Mr Warriner, who is completing his third two-year term as NTLEA chairman, is a prominent northern beef industry figure who also served as president of the Northern Territory Cattlemen’s Association from 2012-2015 in the aftermath of the suspension of live cattle exports to Indonesia in 2011.
“As a former NTCA president, I am pleased to say the northern cattle industry is drawing strength from the close alignment between the NTLEA and NTCA, as well as associations like the NT Farmers and the NT Buffalo Industry Council. It is important for unity and leadership to continue to characterise the relationships exporters have with producers, because when speaking to government, nothing assists industry quite like a united voice,” he said.
In his Chairman’s report, Mr Warriner thanked former NTLEA CEO Will Evans who resigned in March to head-up the NTCA.
“We acknowledge Will’s efforts during his time with the NTLEA in helping to create positive outcomes for exporters in his policy and advocacy work. Since Tom Dawkins commenced as our CEO in May, that consultative and proactive approach has continued, both within the NT and also nationally,” Mr Warriner said.
“We have a very positive and collaborative relationship with the Northern Territory Government, especially the Department of Industry, Tourism and Trade. In particular I want to recognise our Minister, Nicole Manison, and her Department’s Deputy CEO Luke Bowen, for their leadership and ongoing support for our industry.”
Mr Warriner said the NTLEA had played a central role in navigating COVID-19 supply chain hurdles, stretching back to the start of the pandemic and even in recent days as pre-export cattle transport plans adjusted to lockdown measures and road checks around Darwin and Katherine.
“The NTLEA is recognised as an organisation which undertakes a very unique function in the advocacy space because we represent the whole live export supply chain,” he said.
“A great strength of this organisation is that our membership extends beyond our core group of licenced exporters to include quarantine yard operators, road transport businesses, major pastoral producers, industry vets, fodder providers, stevedores and livestock shipping companies.”
“With that overarching perspective, we’ve done our best to keep the industry moving by helping to facilitate the movement of essential personnel across borders and to bridge the unforeseen gaps so that pandemic rules haven’t created animal welfare risks and or logistics problems.
“The NTLEA has shown it is agile enough to represent all aspects of the northern live export industry and to respond to challenges arising anywhere in the supply chain. COVID has proven our value to our members and to government, and confirmed the ongoing importance of our work in the future.”
Mr Warriner pointed to the coordination of supply chain activity in early July when a snap lockdown coincided with a spike in dry-season cattle deliveries to Darwin Port.
“We worked in step with the NT Government, linking our members from across the supply chain, to oversee the successful, streamlined delivery of more than 15,000 cattle – some 100 road train movements – from various yards and through a number of checkpoints to the port in less than 24 hours.

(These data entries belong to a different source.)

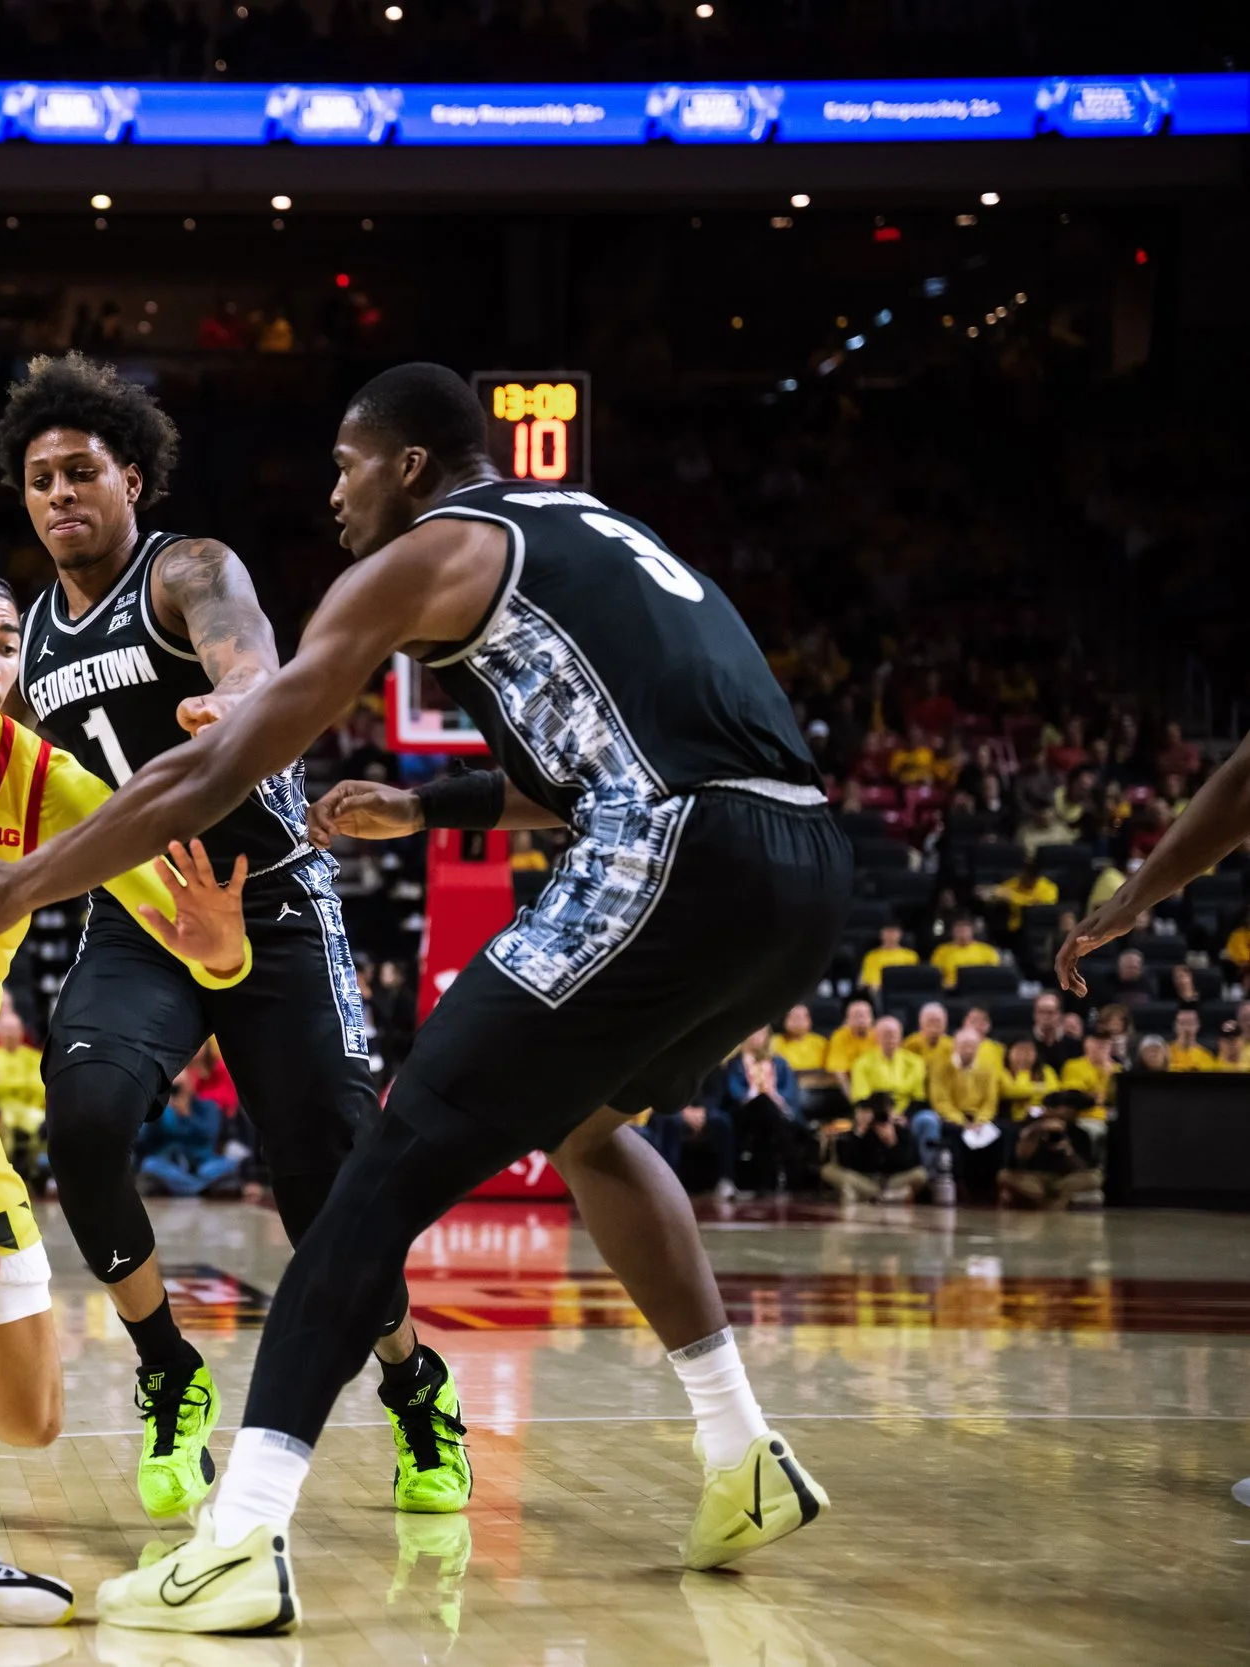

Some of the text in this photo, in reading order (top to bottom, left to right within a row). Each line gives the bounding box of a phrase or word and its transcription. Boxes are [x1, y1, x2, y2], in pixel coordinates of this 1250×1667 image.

[493, 383, 577, 421] 13:08
[514, 418, 567, 480] 10
[579, 512, 705, 603] 3
[108, 615, 133, 631] EAST
[111, 610, 129, 622] BIG
[28, 645, 159, 722] GEORGETOWN
[81, 705, 134, 788] 1

The result was a great credit to all involved.”
Mr Warriner said that five years since he was first elected NTLEA chairman in 2016 and as he embarks upon his final 12 months in the position, it continued to be an enjoyable and rewarding role.

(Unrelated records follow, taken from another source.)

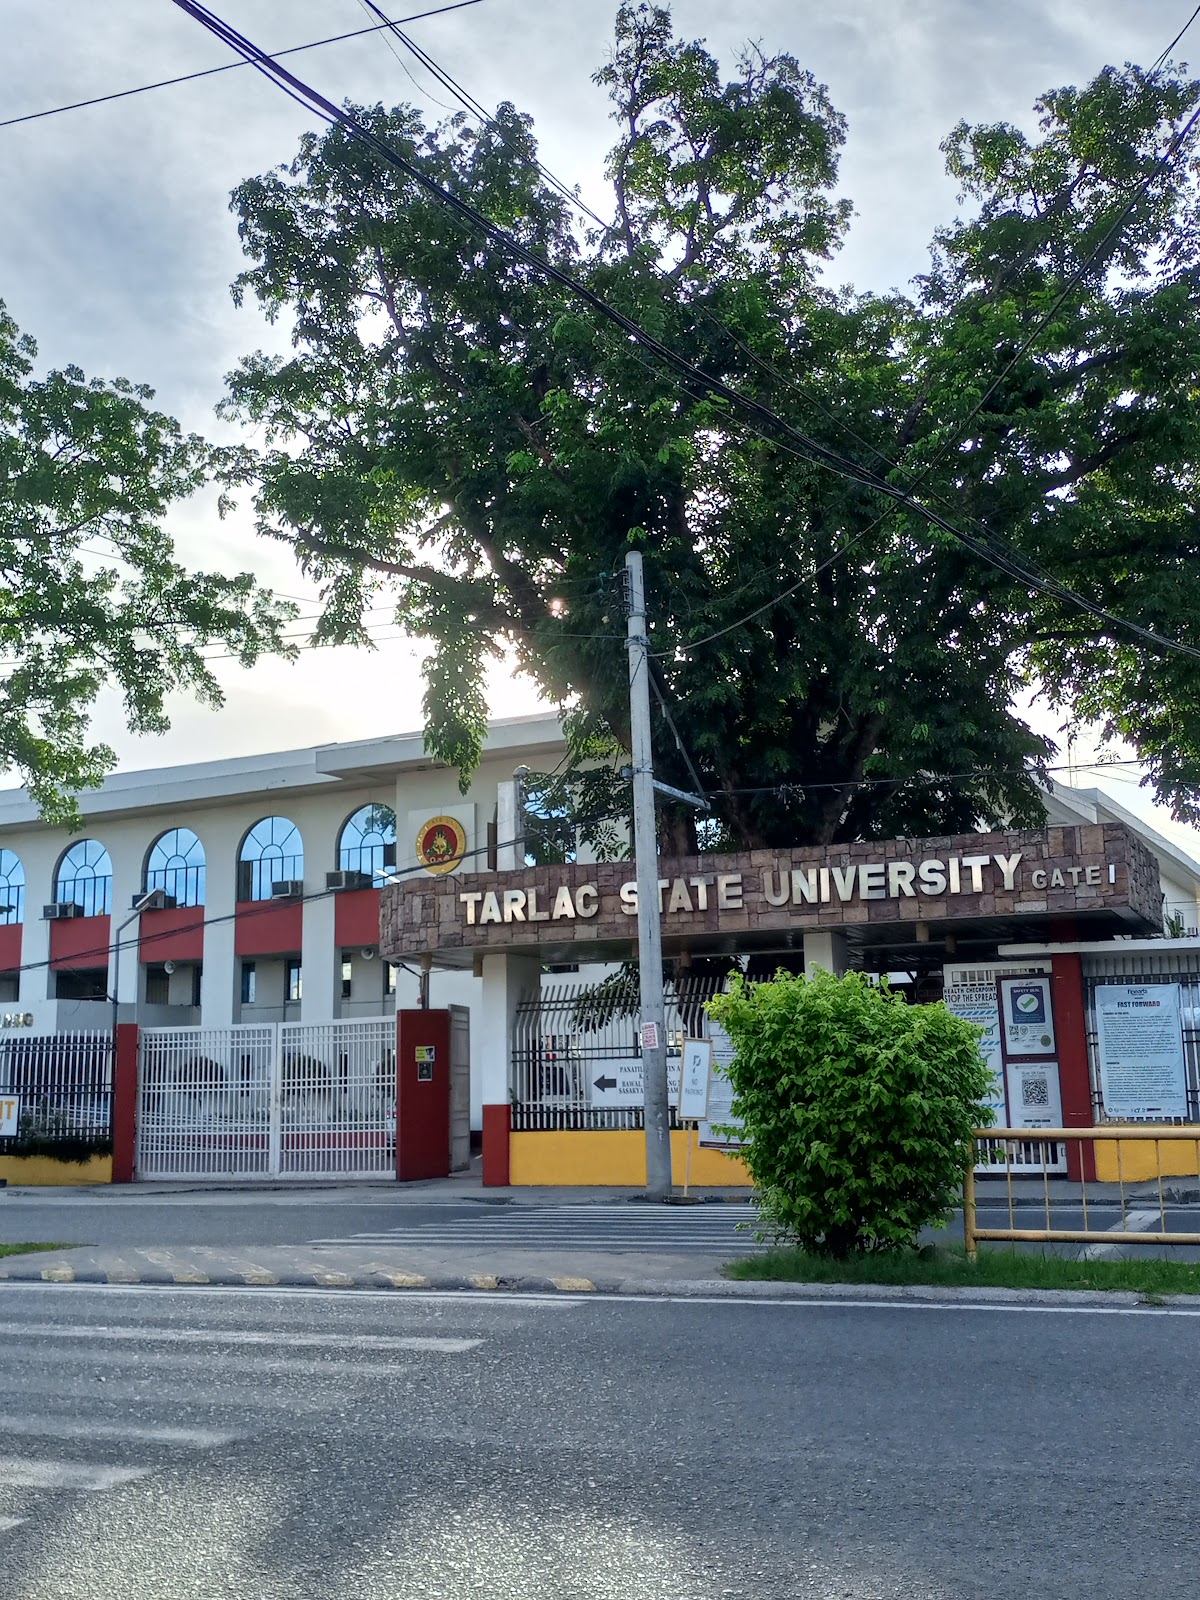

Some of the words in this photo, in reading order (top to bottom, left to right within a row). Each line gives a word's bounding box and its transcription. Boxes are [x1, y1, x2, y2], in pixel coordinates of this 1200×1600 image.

[460, 884, 598, 925] TARLAC
[619, 874, 743, 916] STATE
[763, 853, 1022, 906] UNIVERSITY
[1031, 865, 1102, 890] GATE
[945, 994, 961, 1003] STOP
[963, 994, 973, 1002] THE
[975, 993, 998, 1001] SPREAD

“The NTLEA is a member-based organisation and the most important message from me today is one of sincere thanks to our members. I am extremely grateful to the exporters and other supply chain businesses who continue to support the NTLEA, especially as they endure difficult trading conditions and squeezed profits,” he said.

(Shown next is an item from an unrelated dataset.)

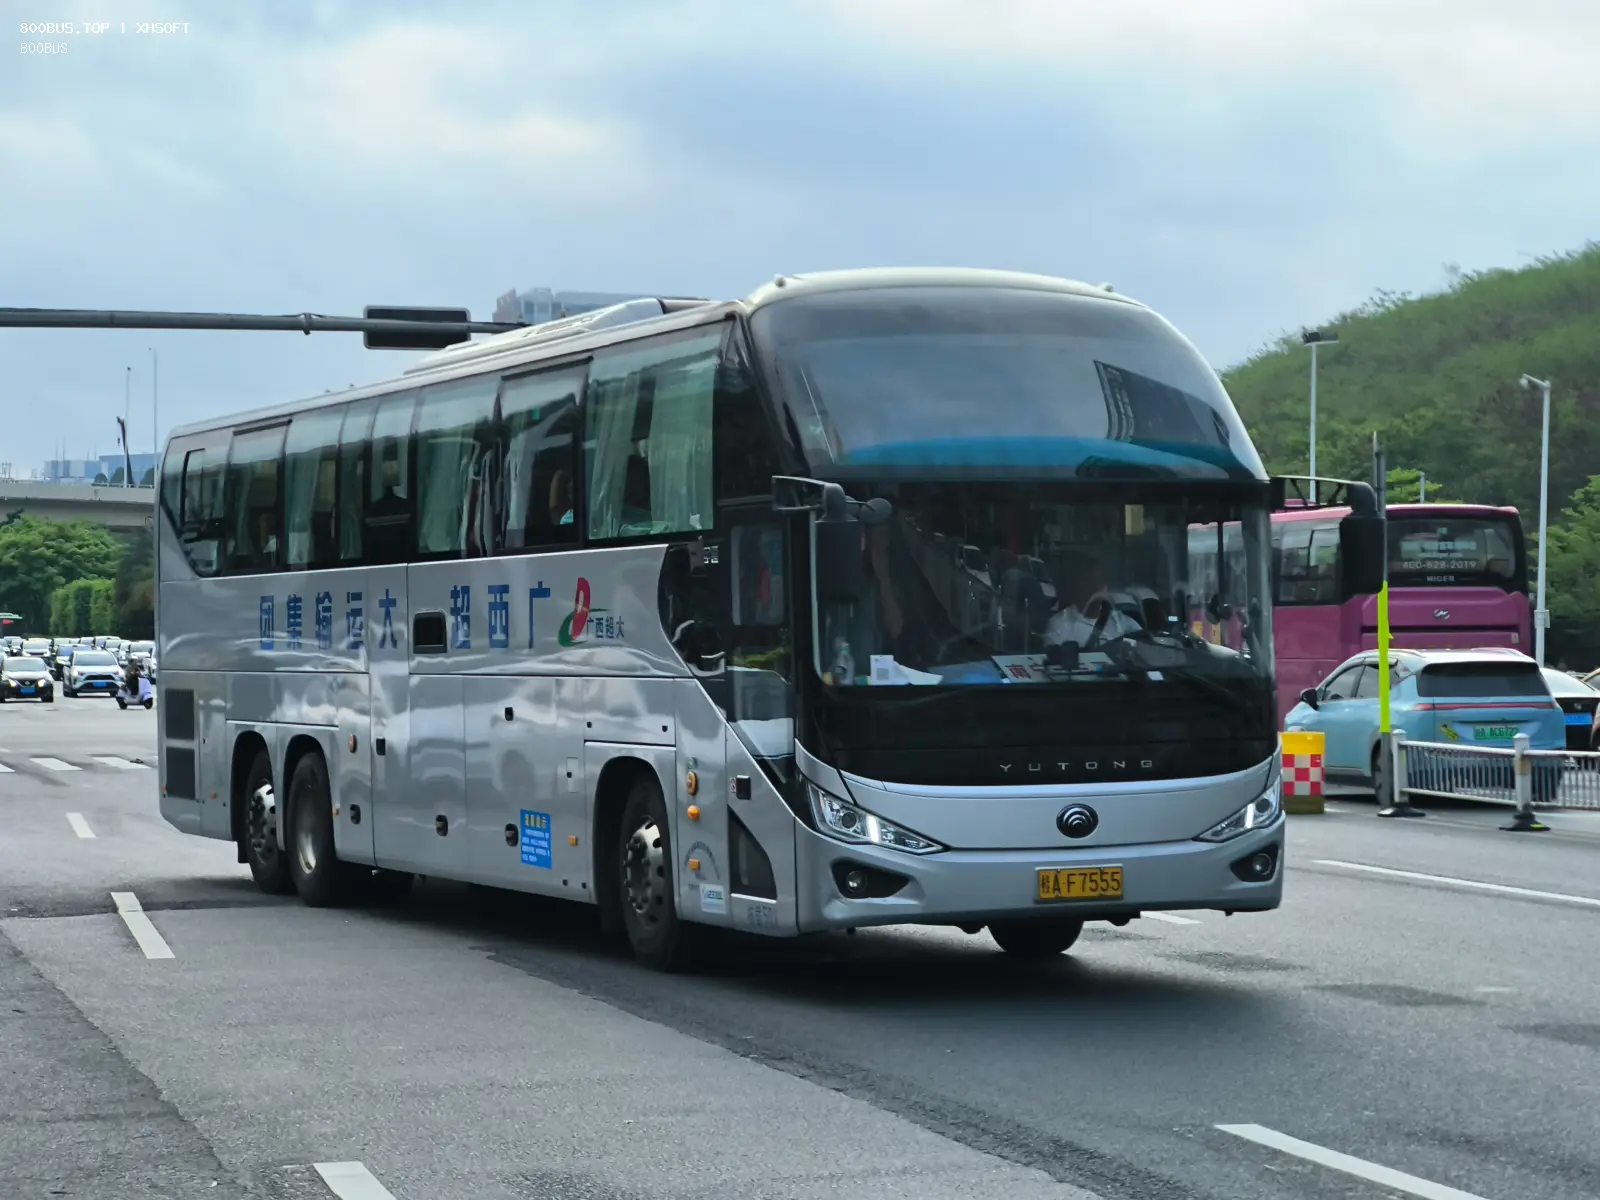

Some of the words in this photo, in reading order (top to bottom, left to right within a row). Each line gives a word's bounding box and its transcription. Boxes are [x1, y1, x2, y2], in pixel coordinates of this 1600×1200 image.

[587, 616, 625, 639] 广西超大
[1000, 760, 1153, 772] YUTONG

“The people in our industry are our greatest asset and it has been tough to be isolated from our peers as the pandemic has dragged on, especially as we have grieved the loss of industry friends in Indonesia, the crew of Gulf Livestock 1 and industry veteran Greg ‘Whippy’ Smith.
“The fact many of us today in Darwin are able to come together is something quite special and an opportunity that we certainly don’t take for granted. We will toast those who aren’t with us today and we look forward with even greater anticipation to our national conference, LIVEXchange 2022, in Darwin this time next year.”